This video shows how “learning” is captured as noun-verb-object statements. Education reduced to narrow performance measures aligned to just-in-time workforce demands. Note the title, We Can Track It. Surveillance and signals intelligence for social engineering is built in. This is military technology. More on xAPI here.

Full slide share on VR training, including work-based training for youth, from JCA Solutions, Orlando, FL defense contractor here.

6. In a world of uncertainly, employers want to know the mind-set of the workers whom they engage via digital contracts. Grit, resilience, empathy, and collaboration are considered prized traits. For that reason, social-emotional learning is being prioritized above knowledge acquisition. Cognitive skills have taken a backseat to the “soft skills” demanded by the business sector. A well-educated populace is one that might question the Fourth Industrial Revolution’s robot agenda. Can’t have that. Instead, focus on compliance training and figure out how to make money on it, too.

Devices, especially virtual and augmented reality, are being used to predict, track, and shape behaviors. In fact, measurable behavior change has been identified as a global human capital impact market. As a result, blockchain, Internet of Things sensors, xAPI technology linked to Learning Record Stores, and skills badging, will be used to monitor behavior change in students over time (see JCA Solutions slide share above). This aggregated data will underpin emerging futures markets in digital educational programming / behavioral brainwashing.

Use of Virtual Reality headsets to generate “measurable behavior change,” which will be tied to human capital bond markets.
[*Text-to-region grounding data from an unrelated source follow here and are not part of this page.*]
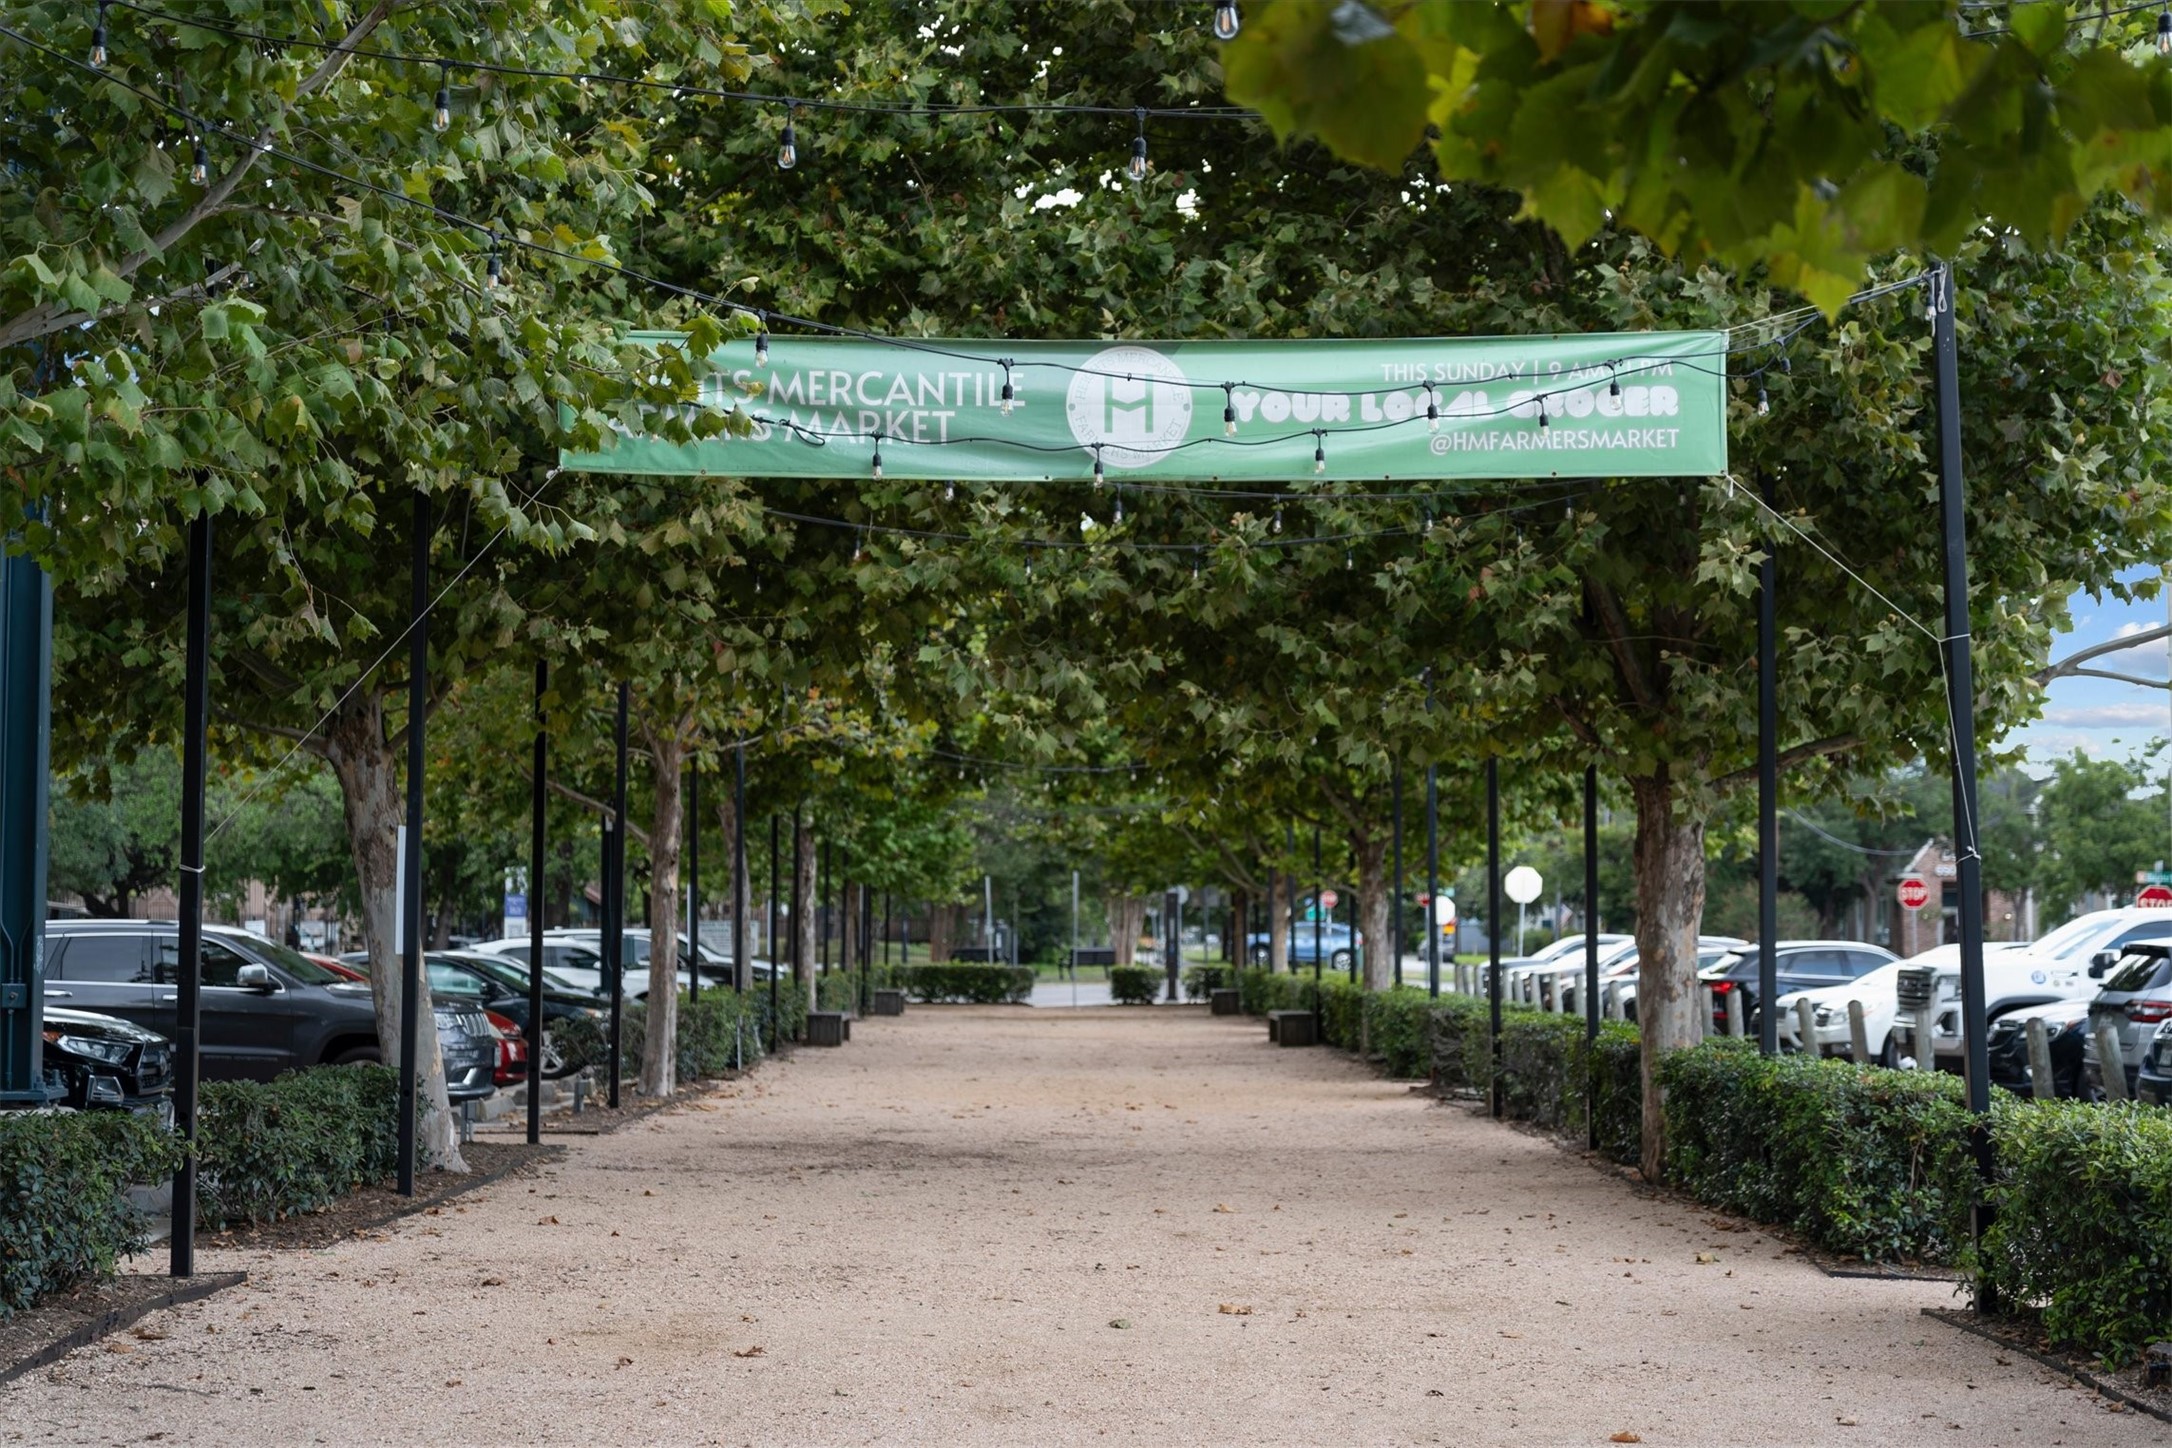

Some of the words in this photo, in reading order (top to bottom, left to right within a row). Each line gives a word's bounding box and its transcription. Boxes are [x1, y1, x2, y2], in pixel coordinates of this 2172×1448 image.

[1381, 363, 1428, 381] THIS
[1434, 361, 1526, 381] SUNDAY
[1549, 361, 1562, 381] 9
[1640, 358, 1673, 377] PM
[768, 371, 1025, 407] MERCANTILE
[1231, 391, 1350, 423] YOUR
[1361, 390, 1495, 422] LOCAL
[1506, 385, 1679, 418] GROCER
[785, 409, 955, 446] MARKET
[1430, 429, 1680, 455] @HMFARMERSMARKET
[1901, 886, 1928, 901] STOP
More here.

World Economic Forum promoting use of technology to advance social emotional learning in order to enable bond markets in behavior change. Source

Teachers College Columbia University crafted an equation that will enable an 11% rate of return on “high-impact” social-emotional curriculum. Read their 2015 study, The Economic Value of Social Emotional Learning, here.
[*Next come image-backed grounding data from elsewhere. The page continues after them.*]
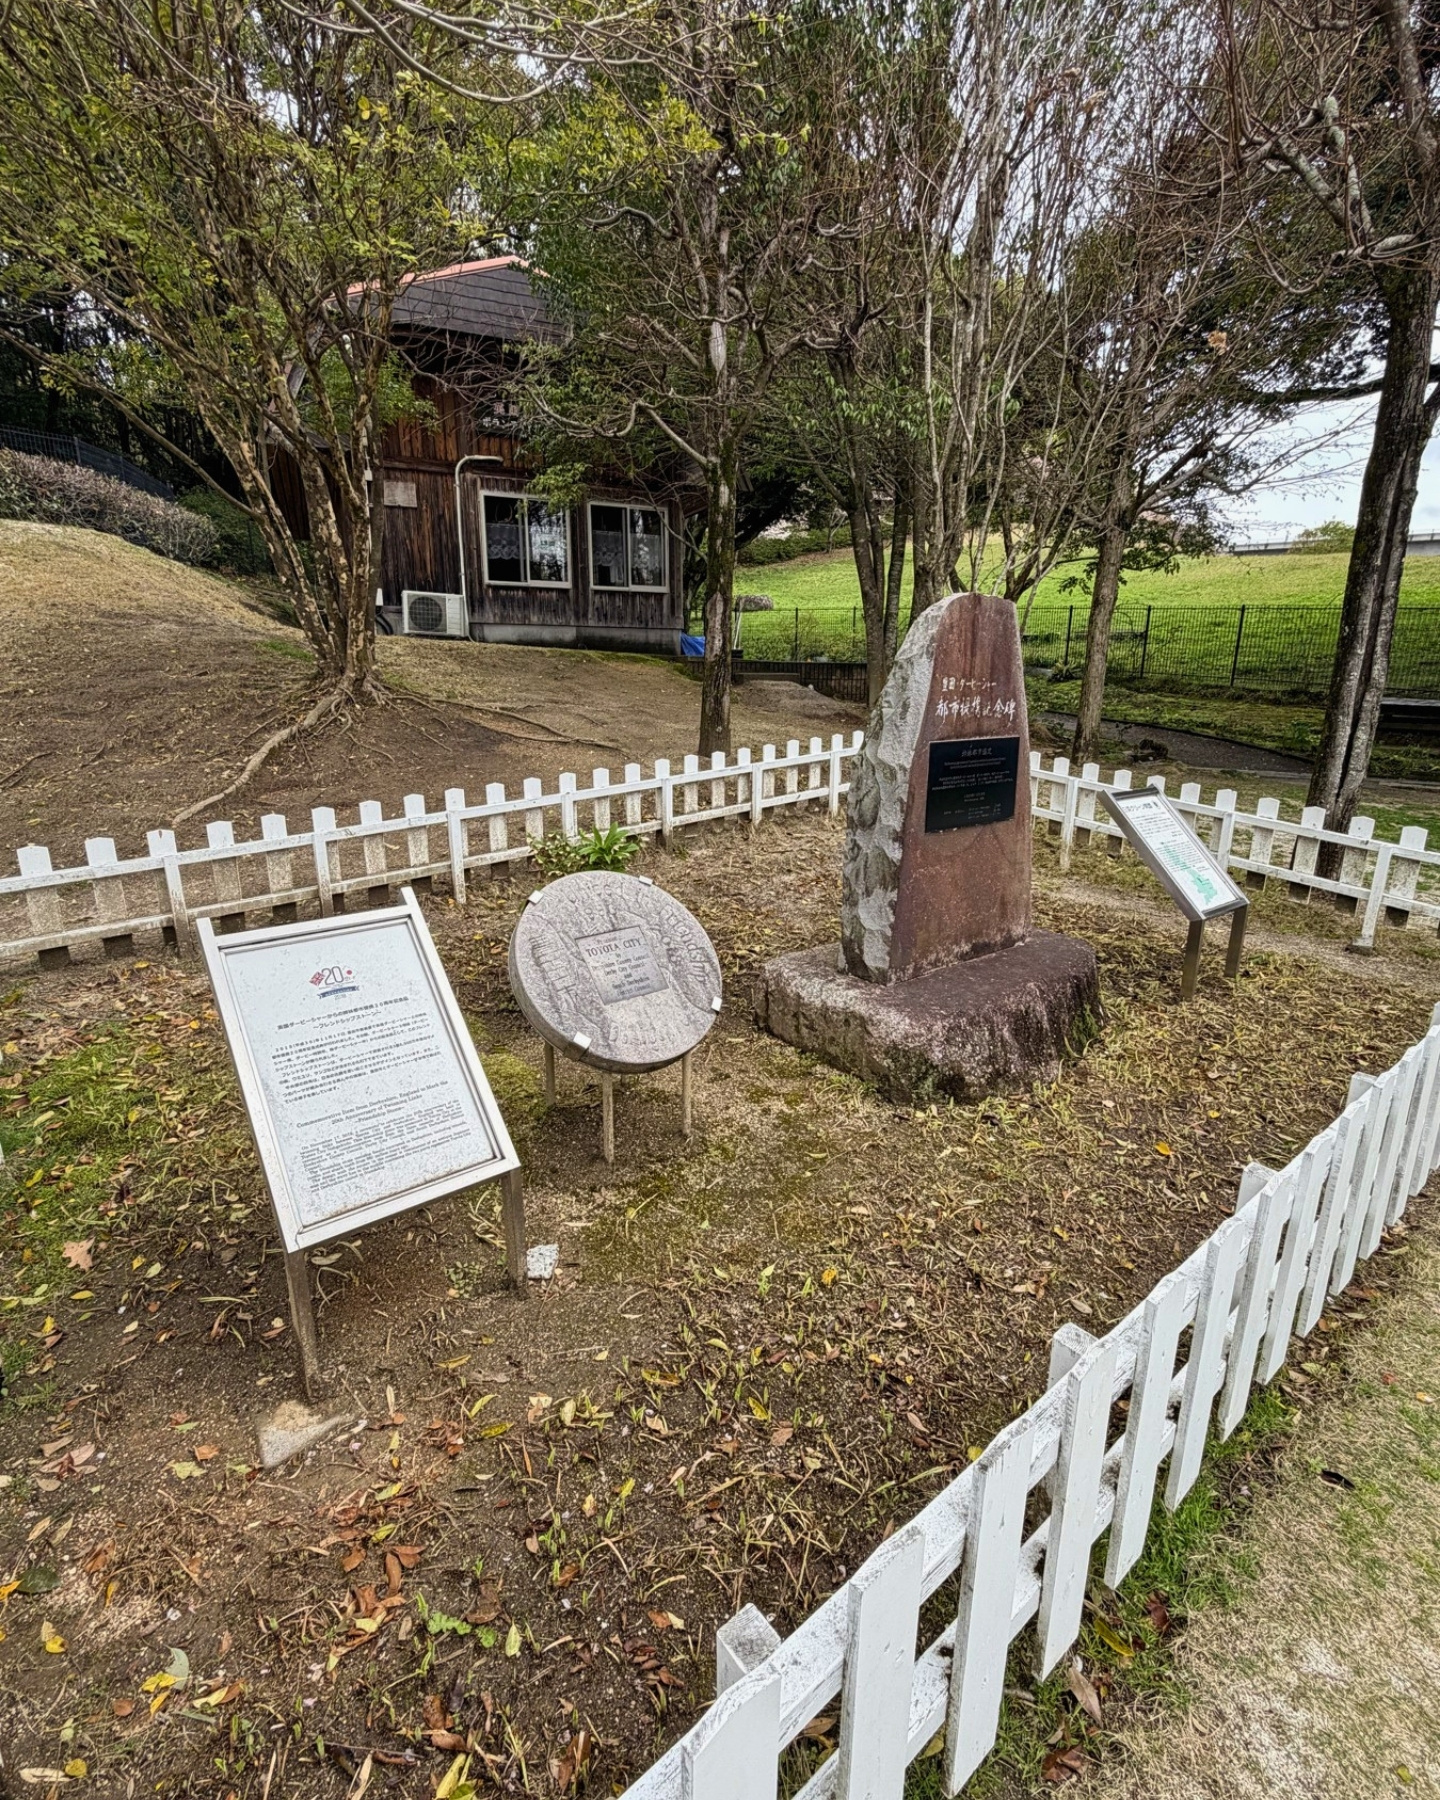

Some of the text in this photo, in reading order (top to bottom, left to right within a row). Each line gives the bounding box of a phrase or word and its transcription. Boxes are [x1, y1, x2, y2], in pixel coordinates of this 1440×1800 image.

[585, 942, 620, 957] TOYOTA
[623, 936, 642, 948] CITY
[321, 965, 343, 985] 20
[296, 1111, 341, 1128] Commemorative
[398, 1087, 420, 1099] England
[424, 1081, 439, 1090] Mark
[344, 1107, 376, 1120] Anniversary
7. Digital education and the tracking of competencies in learning record stores came out of military training. Transmedia learning is a technique developed by Elaine Raybourn of Sandia National Labs and the Orlando Office of Advanced Distributed Learning where narrative storylines are used to immerse participants in training simulations across a variety of digital platforms. The goal, once again, is measurable behavior change “at scale.” Note the slide below from her 2016 presentation, Transmedia Learning In the Wild: Supporting Military Training Through Story-Driven Engagement.

Transmedia techniques have also been used in K12 settings, in such popular book series as the 39 Clues backed by Scholastic. Unicef’s Innovation Fund has invested blockchain and virtual reality education for all ages. Their primary funder is The Walt Disney Company,  pure edu-tainment. Note the emphasis on training and social-emotional learning by Nubian VR, a company in Unicef’s portfolio.
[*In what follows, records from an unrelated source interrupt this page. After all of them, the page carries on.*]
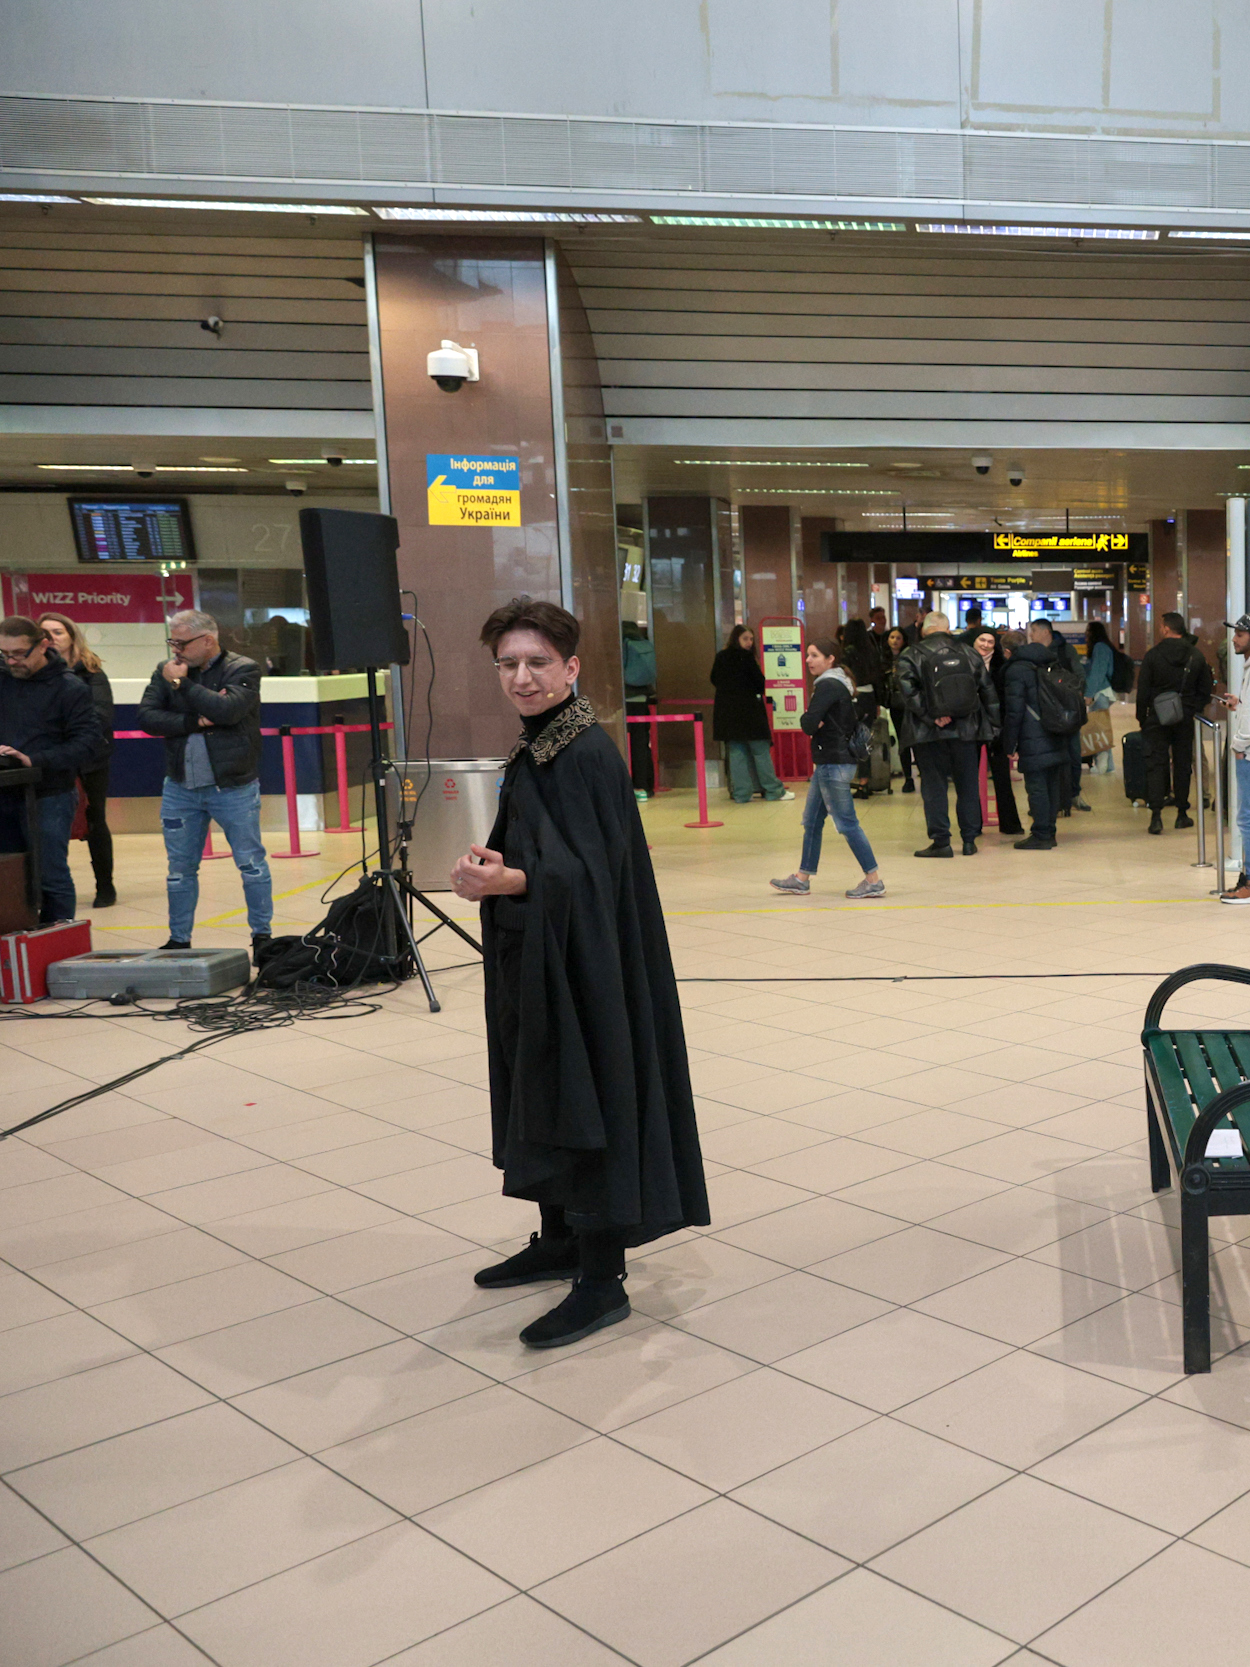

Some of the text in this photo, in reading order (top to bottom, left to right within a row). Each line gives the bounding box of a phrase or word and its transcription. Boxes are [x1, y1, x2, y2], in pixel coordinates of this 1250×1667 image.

[450, 458, 516, 473] Інформація
[473, 475, 495, 487] для
[457, 495, 512, 505] громадян
[459, 507, 510, 523] України
[251, 523, 293, 551] 27
[32, 592, 131, 606] WIZZ Priority
The question we need to be asking is whether society benefits from children being trained using an entertainment-based, chain-of-command, no-questions-asked, information on a need-to-know basis fed by artificial-intelligence scheme where performance on assigned tasks is valued above all else? Or if society benefits from children being nurtured in a way that allows them to engage with the real world in socially-connected ways, explore a wide range of interests, and creatively engage with the challenges they encounter so they can develop genuine resilience and self confidence rather than a dysfunctional Pavlovian response to their world?

Use of transmedia learning to accomplish large-scale training and behavior change in military environments. See work of Elaine Raybourn at Sandia National Labs and Advanced Distributed Learning in Orlando, FL.
Full slideshare of above here.

Nubian VR is part of the Unicef Innovation Fund’s investment portfolio. Source

This interactive map shows relationships between military simulation training, digital badging programs, media engagement, and social emotional data capture and impact investing. Click here for the interactive version. You may click on any dot or line and it will open a related database record. Source URLs can be found as hyperlinks on the right hand side of each record.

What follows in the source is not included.